• _Instructions for the task_: Images are to be left out when the records below are printed word for word.

• _Task material_:

------------------------------------------------------------

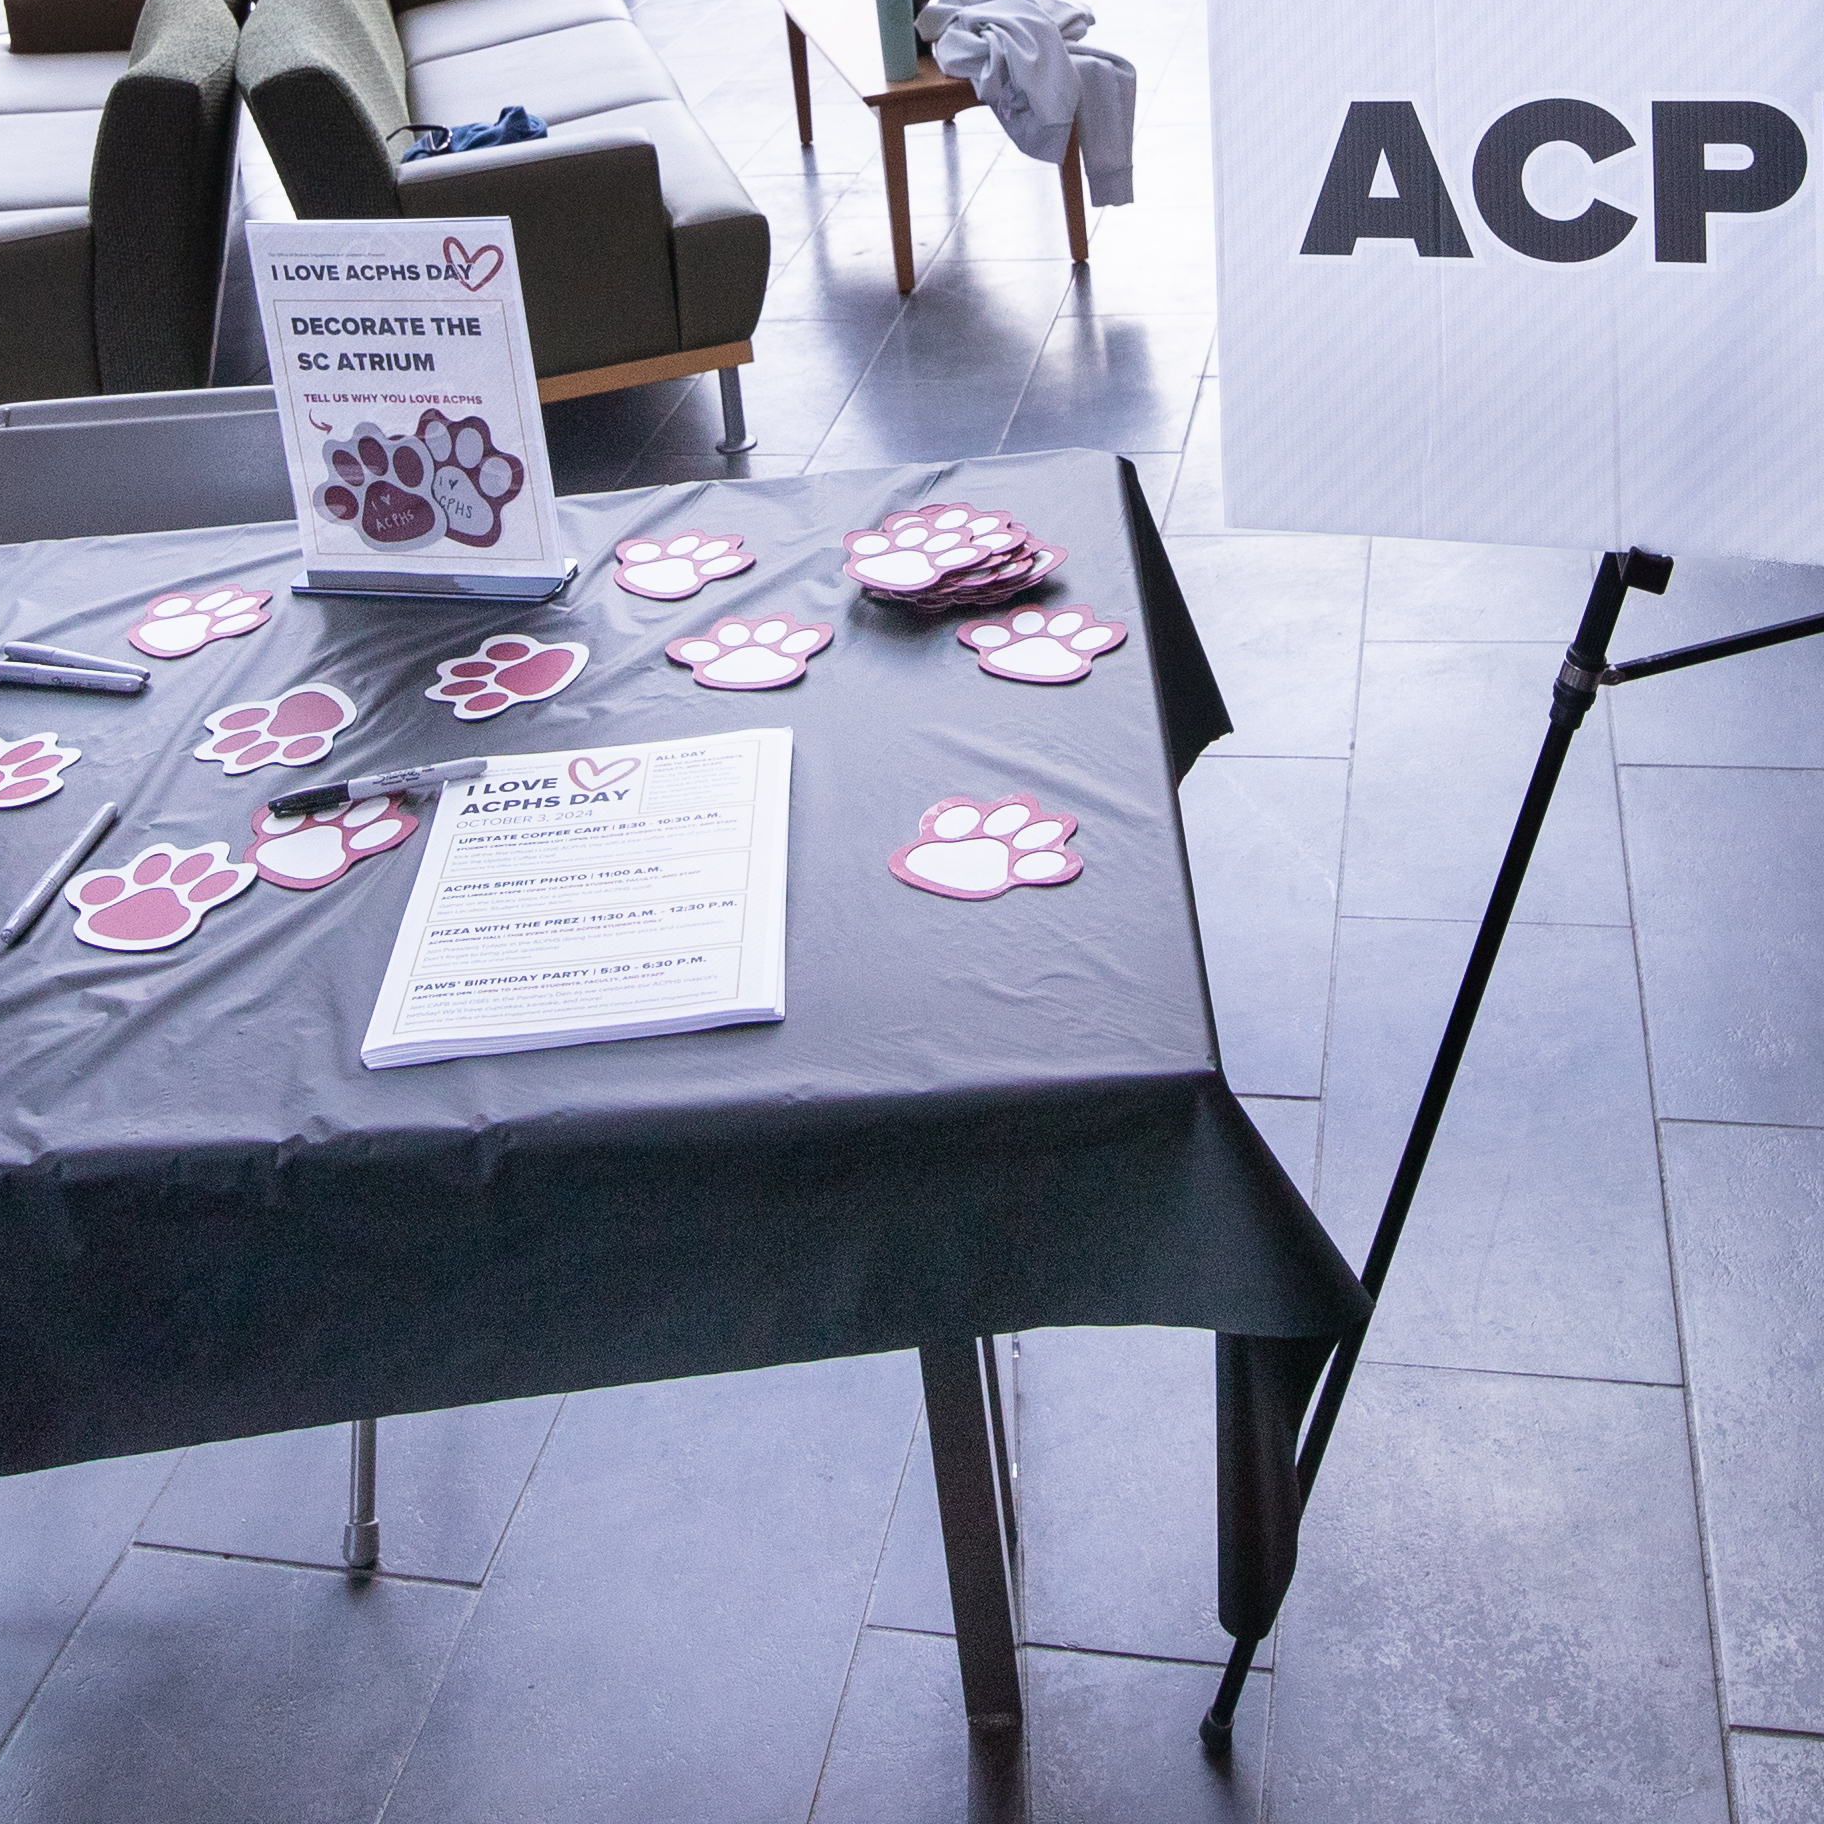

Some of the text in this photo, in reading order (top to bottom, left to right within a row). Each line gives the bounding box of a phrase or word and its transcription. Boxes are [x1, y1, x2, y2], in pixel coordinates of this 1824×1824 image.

[271, 264, 473, 281] I LOVE ACPHS DAY
[291, 317, 482, 336] DECORATE THE
[297, 352, 436, 371] SC ATRIUM
[304, 394, 483, 405] TELL US WHY YOU LOVE ACPHS
[438, 495, 474, 520] CPHS
[375, 509, 415, 532] ACPHS
[654, 750, 707, 761] ALL DAY
[466, 778, 558, 797] I LOVE
[460, 789, 631, 816] ACPHS DAY
[456, 809, 593, 829] OCTOBER 3, 2024
[458, 812, 722, 844] UPSTATE COFFEE CART 8:30 10:30 A.M.
[443, 866, 663, 892] ACPHS SPIRIT PHOTO 11:00 A.M.
[430, 900, 738, 937] PIZZA WITH THE PREZ 11:30 A.M. 12:30 P.M.
[414, 956, 707, 992] PAWS' BIRTHDAY PARTY 5:30 6:30 P.M.
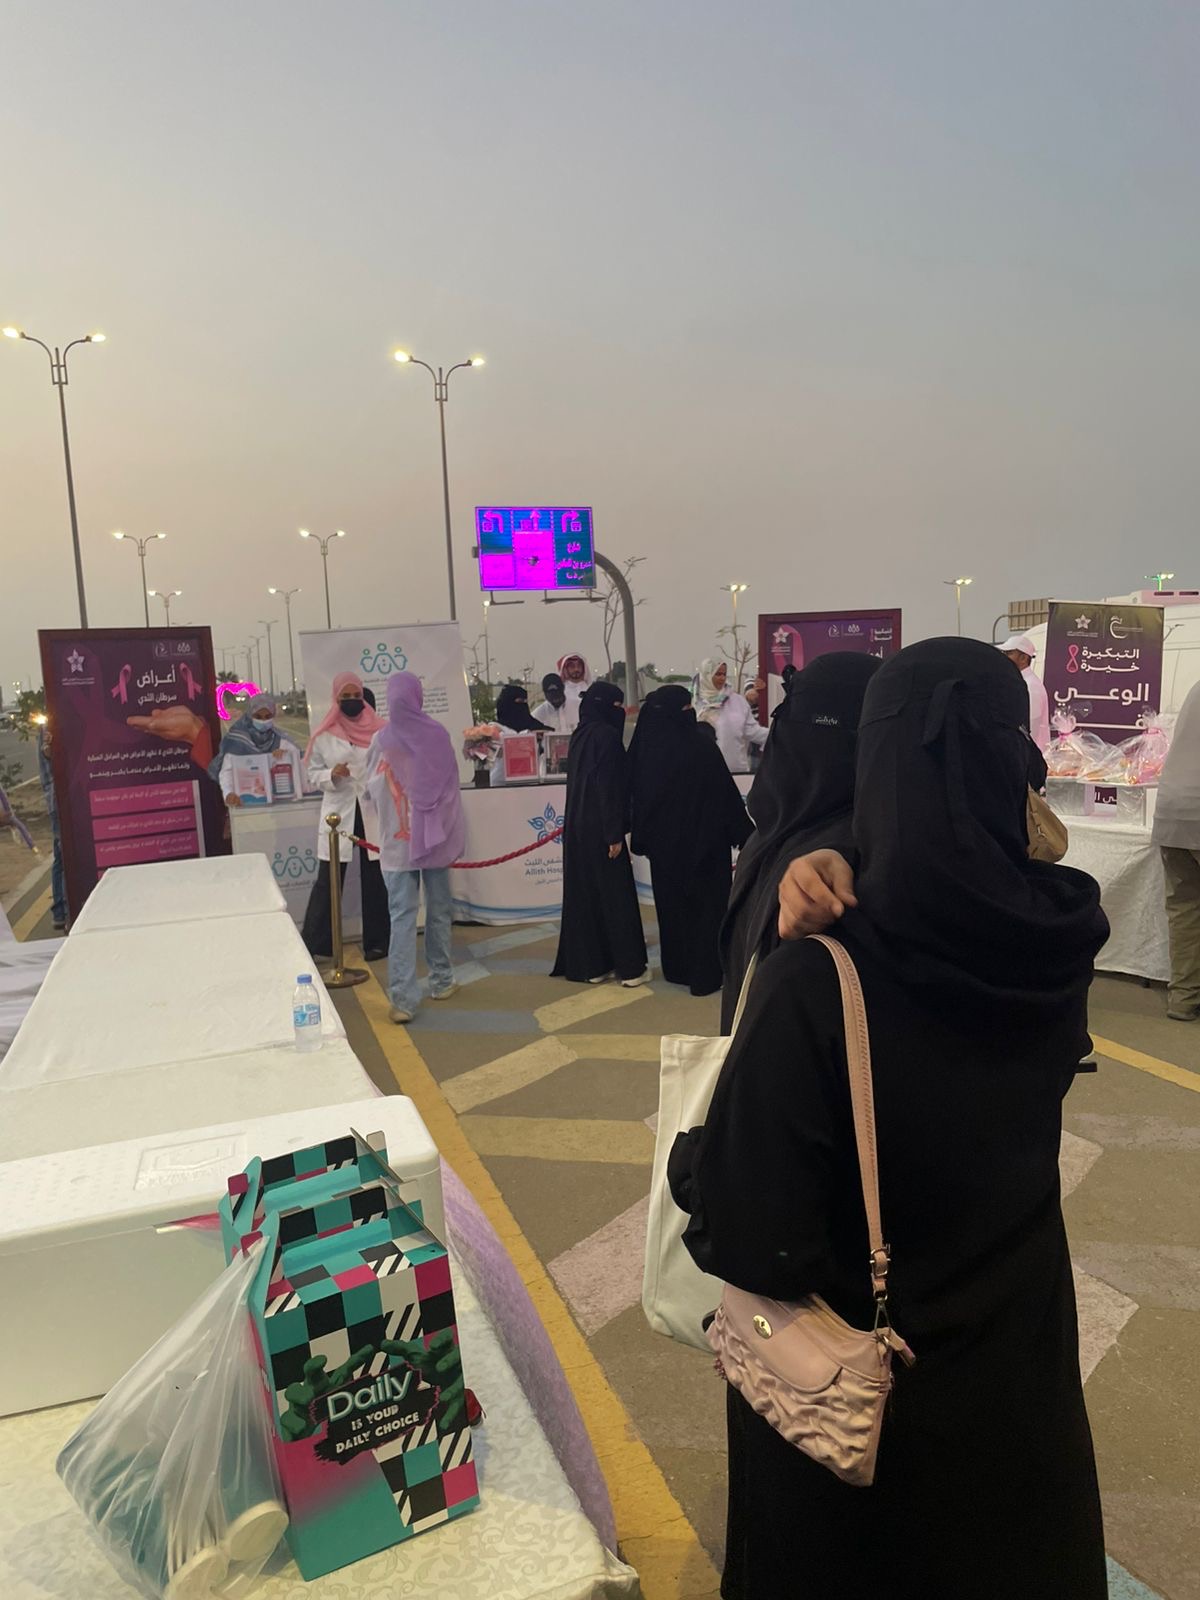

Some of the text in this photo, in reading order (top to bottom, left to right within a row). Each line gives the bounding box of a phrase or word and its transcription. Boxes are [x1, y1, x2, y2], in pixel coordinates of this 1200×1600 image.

[1081, 646, 1140, 661] التبكيرة
[1080, 659, 1140, 673] خيرة
[136, 664, 176, 688] أعراض
[137, 692, 177, 706] سرطان الثدي
[1054, 682, 1150, 707] الوعي
[327, 1371, 413, 1422] Daily
[335, 1411, 420, 1454] DAILY CHOICE
[351, 1418, 363, 1432] IS
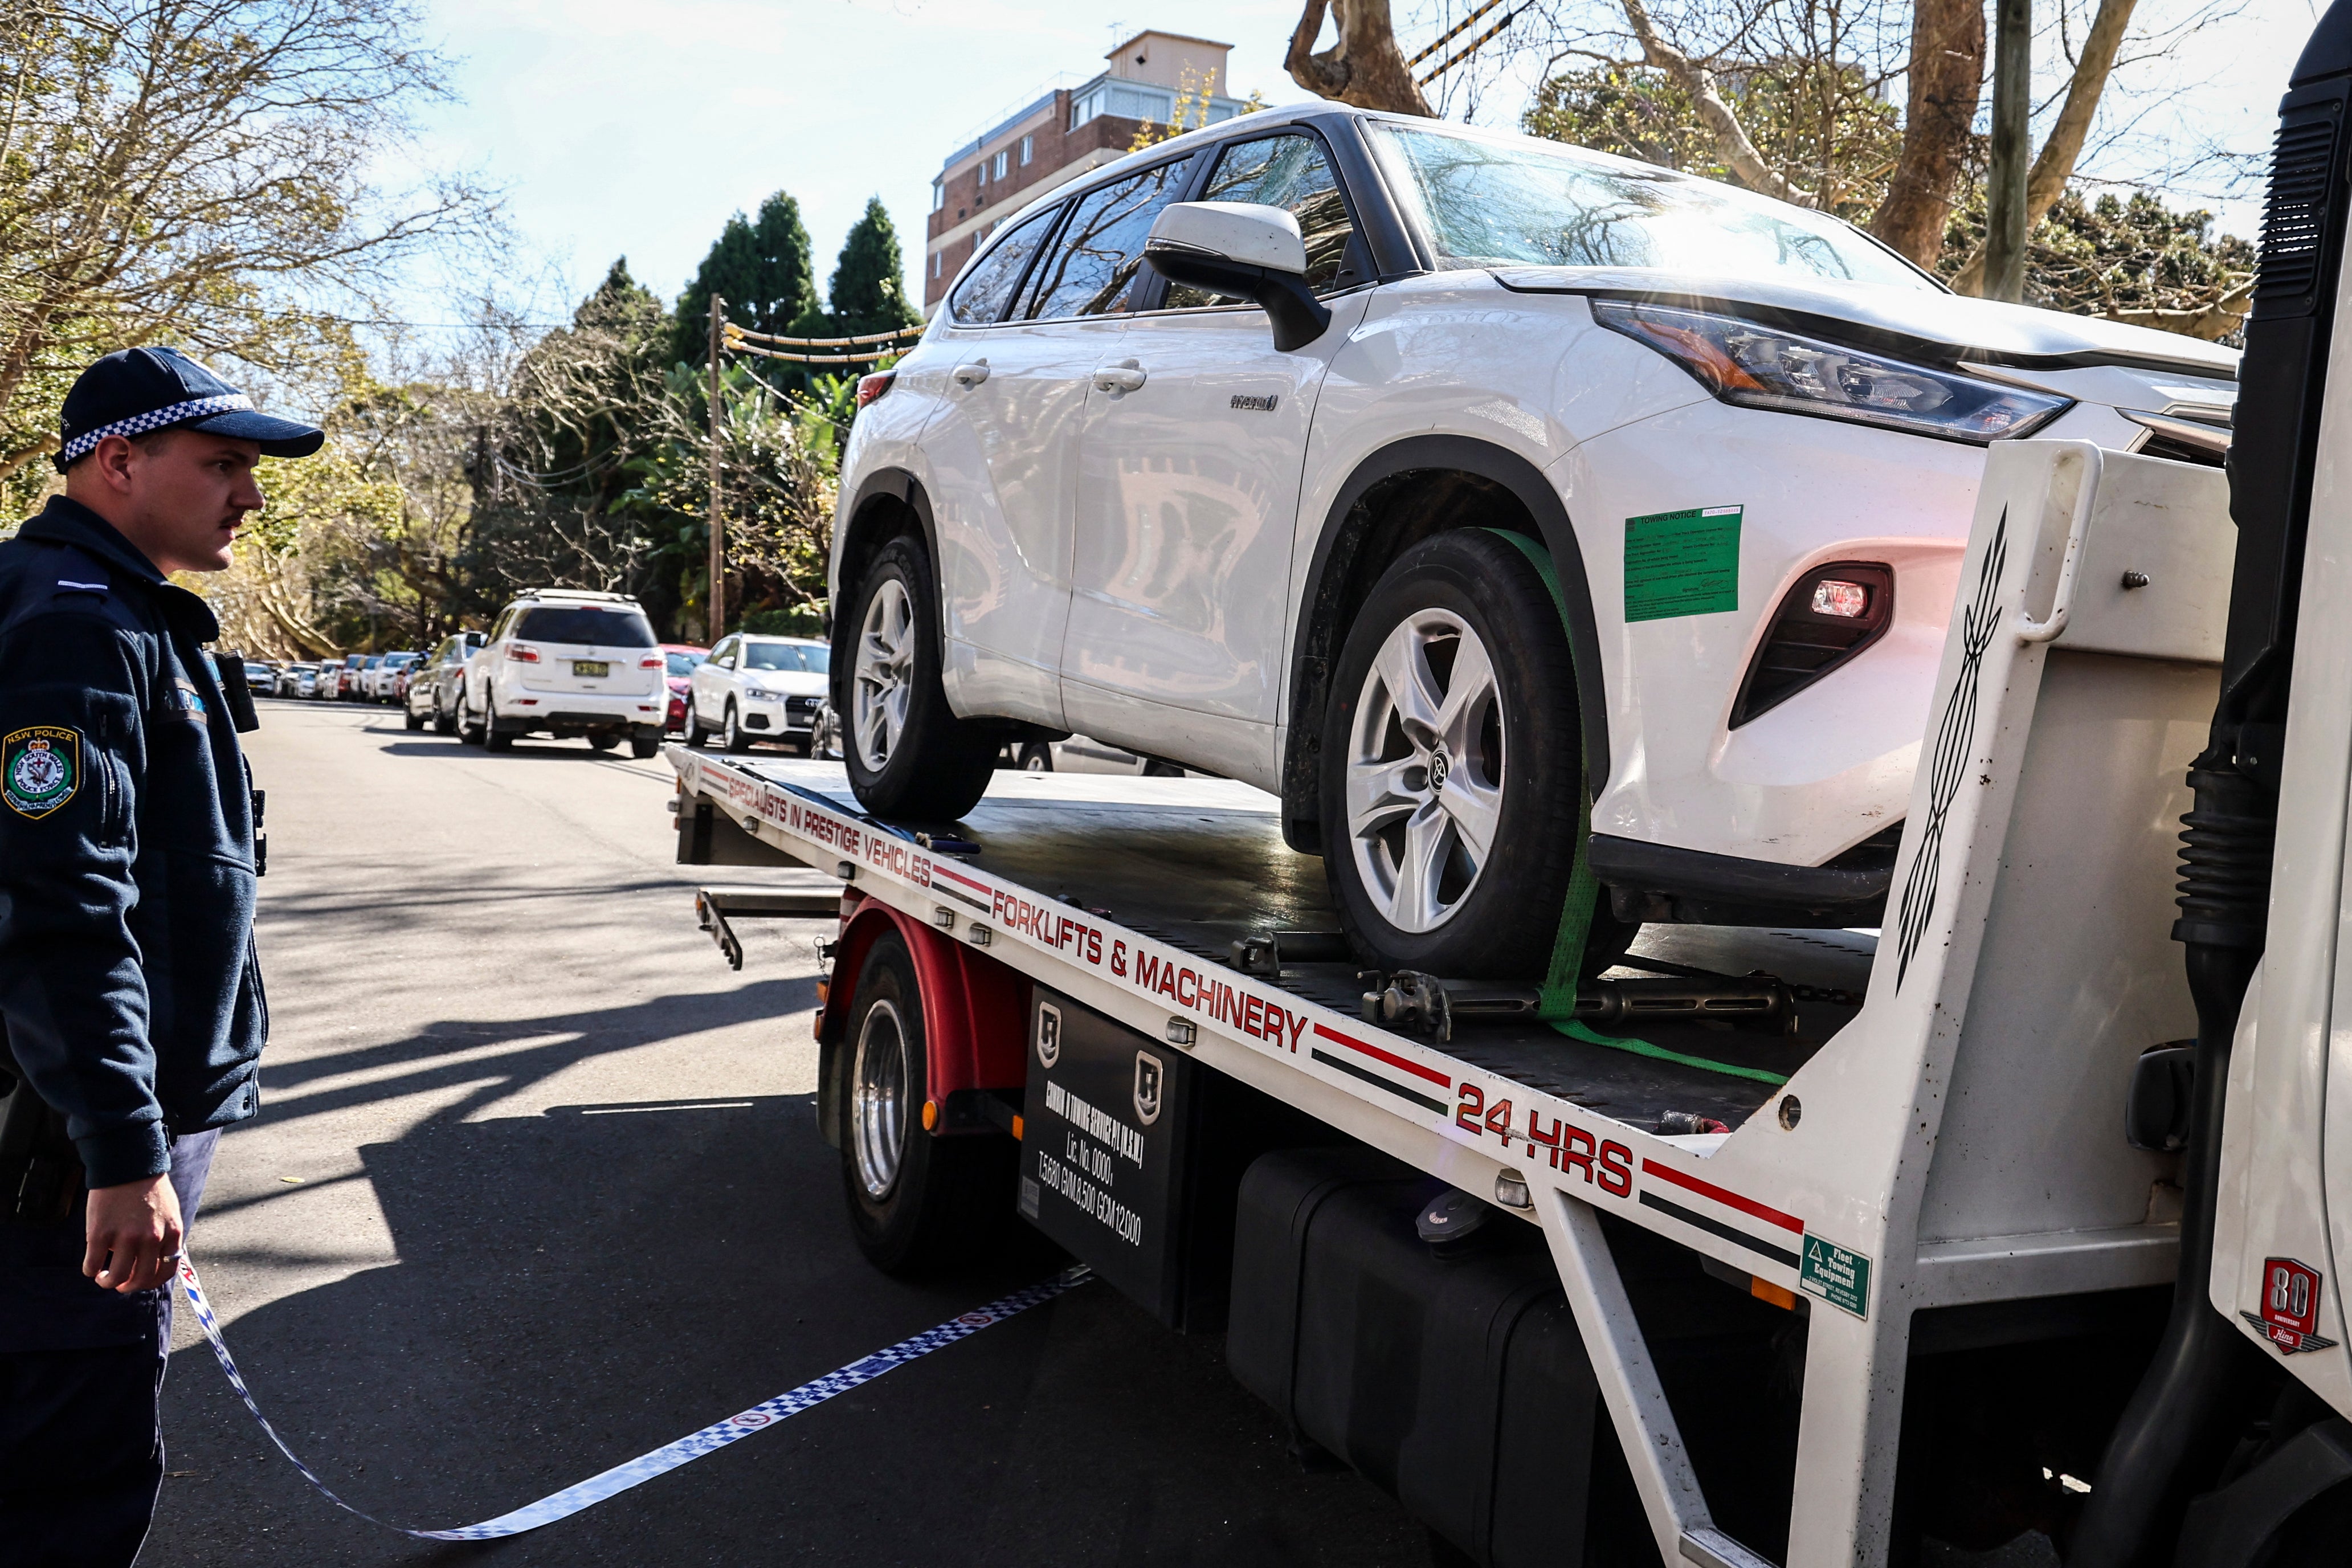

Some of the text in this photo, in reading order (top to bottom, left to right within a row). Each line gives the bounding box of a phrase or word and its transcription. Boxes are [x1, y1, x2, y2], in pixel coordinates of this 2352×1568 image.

------------------------------------------------------------

• _Expected answer_:
Some of the text in this photo, in reading order (top to bottom, left to right within a row). Each line gives the bounding box of a phrase or word and its transcription. Boxes are [x1, y1, x2, y2], in pixel coordinates of this 1824×1824 image.

[271, 264, 473, 281] I LOVE ACPHS DAY
[291, 317, 482, 336] DECORATE THE
[297, 352, 436, 371] SC ATRIUM
[304, 394, 483, 405] TELL US WHY YOU LOVE ACPHS
[438, 495, 474, 520] CPHS
[375, 509, 415, 532] ACPHS
[654, 750, 707, 761] ALL DAY
[466, 778, 558, 797] I LOVE
[460, 789, 631, 816] ACPHS DAY
[456, 809, 593, 829] OCTOBER 3, 2024
[458, 812, 722, 844] UPSTATE COFFEE CART 8:30 10:30 A.M.
[443, 866, 663, 892] ACPHS SPIRIT PHOTO 11:00 A.M.
[430, 900, 738, 937] PIZZA WITH THE PREZ 11:30 A.M. 12:30 P.M.
[414, 956, 707, 992] PAWS' BIRTHDAY PARTY 5:30 6:30 P.M.

Some of the text in this photo, in reading order (top to bottom, left to right within a row). Each line gives the bounding box of a phrase or word and its transcription. Boxes are [x1, y1, x2, y2], in pixel coordinates of this 1200×1600 image.

[1081, 646, 1140, 661] التبكيرة
[1080, 659, 1140, 673] خيرة
[136, 664, 176, 688] أعراض
[137, 692, 177, 706] سرطان الثدي
[1054, 682, 1150, 707] الوعي
[327, 1371, 413, 1422] Daily
[335, 1411, 420, 1454] DAILY CHOICE
[351, 1418, 363, 1432] IS

Some of the text in this photo, in reading order (top to bottom, left to right within a row). Each line gives the bounding box of a phrase or word and its transcription. Boxes are [x1, y1, x2, y2], in pixel coordinates of this 2352×1568 image.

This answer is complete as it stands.